(Saved data entries)
┄┄┄┄┄┄┄┄┄┄

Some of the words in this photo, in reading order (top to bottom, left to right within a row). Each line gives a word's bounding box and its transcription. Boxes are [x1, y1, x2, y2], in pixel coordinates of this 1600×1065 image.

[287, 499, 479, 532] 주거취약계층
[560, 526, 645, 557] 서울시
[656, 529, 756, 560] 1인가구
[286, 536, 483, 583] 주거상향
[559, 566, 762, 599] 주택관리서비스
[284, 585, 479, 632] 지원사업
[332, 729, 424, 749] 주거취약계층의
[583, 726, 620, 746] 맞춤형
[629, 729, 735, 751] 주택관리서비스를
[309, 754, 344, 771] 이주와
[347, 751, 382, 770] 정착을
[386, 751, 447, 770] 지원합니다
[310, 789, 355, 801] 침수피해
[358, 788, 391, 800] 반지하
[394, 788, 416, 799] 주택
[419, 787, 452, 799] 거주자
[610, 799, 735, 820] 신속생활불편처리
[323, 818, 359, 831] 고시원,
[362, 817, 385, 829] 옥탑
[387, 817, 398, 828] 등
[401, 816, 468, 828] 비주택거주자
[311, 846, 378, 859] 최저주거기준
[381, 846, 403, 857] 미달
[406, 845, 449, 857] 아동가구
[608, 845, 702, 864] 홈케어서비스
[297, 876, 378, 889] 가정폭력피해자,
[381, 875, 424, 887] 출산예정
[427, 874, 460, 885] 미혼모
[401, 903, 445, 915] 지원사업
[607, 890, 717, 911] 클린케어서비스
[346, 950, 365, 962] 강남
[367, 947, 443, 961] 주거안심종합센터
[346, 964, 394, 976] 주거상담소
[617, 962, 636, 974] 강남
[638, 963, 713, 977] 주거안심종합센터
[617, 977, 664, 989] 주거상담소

┄┄┄┄┄┄┄┄┄┄

WHAT IS BEING ASKED
An exact copy of every record above is what's needed here.

SOLUTION TO THIS PROBLEM
Some of the words in this photo, in reading order (top to bottom, left to right within a row). Each line gives a word's bounding box and its transcription. Boxes are [x1, y1, x2, y2], in pixel coordinates of this 1600×1065 image.

[287, 499, 479, 532] 주거취약계층
[560, 526, 645, 557] 서울시
[656, 529, 756, 560] 1인가구
[286, 536, 483, 583] 주거상향
[559, 566, 762, 599] 주택관리서비스
[284, 585, 479, 632] 지원사업
[332, 729, 424, 749] 주거취약계층의
[583, 726, 620, 746] 맞춤형
[629, 729, 735, 751] 주택관리서비스를
[309, 754, 344, 771] 이주와
[347, 751, 382, 770] 정착을
[386, 751, 447, 770] 지원합니다
[310, 789, 355, 801] 침수피해
[358, 788, 391, 800] 반지하
[394, 788, 416, 799] 주택
[419, 787, 452, 799] 거주자
[610, 799, 735, 820] 신속생활불편처리
[323, 818, 359, 831] 고시원,
[362, 817, 385, 829] 옥탑
[387, 817, 398, 828] 등
[401, 816, 468, 828] 비주택거주자
[311, 846, 378, 859] 최저주거기준
[381, 846, 403, 857] 미달
[406, 845, 449, 857] 아동가구
[608, 845, 702, 864] 홈케어서비스
[297, 876, 378, 889] 가정폭력피해자,
[381, 875, 424, 887] 출산예정
[427, 874, 460, 885] 미혼모
[401, 903, 445, 915] 지원사업
[607, 890, 717, 911] 클린케어서비스
[346, 950, 365, 962] 강남
[367, 947, 443, 961] 주거안심종합센터
[346, 964, 394, 976] 주거상담소
[617, 962, 636, 974] 강남
[638, 963, 713, 977] 주거안심종합센터
[617, 977, 664, 989] 주거상담소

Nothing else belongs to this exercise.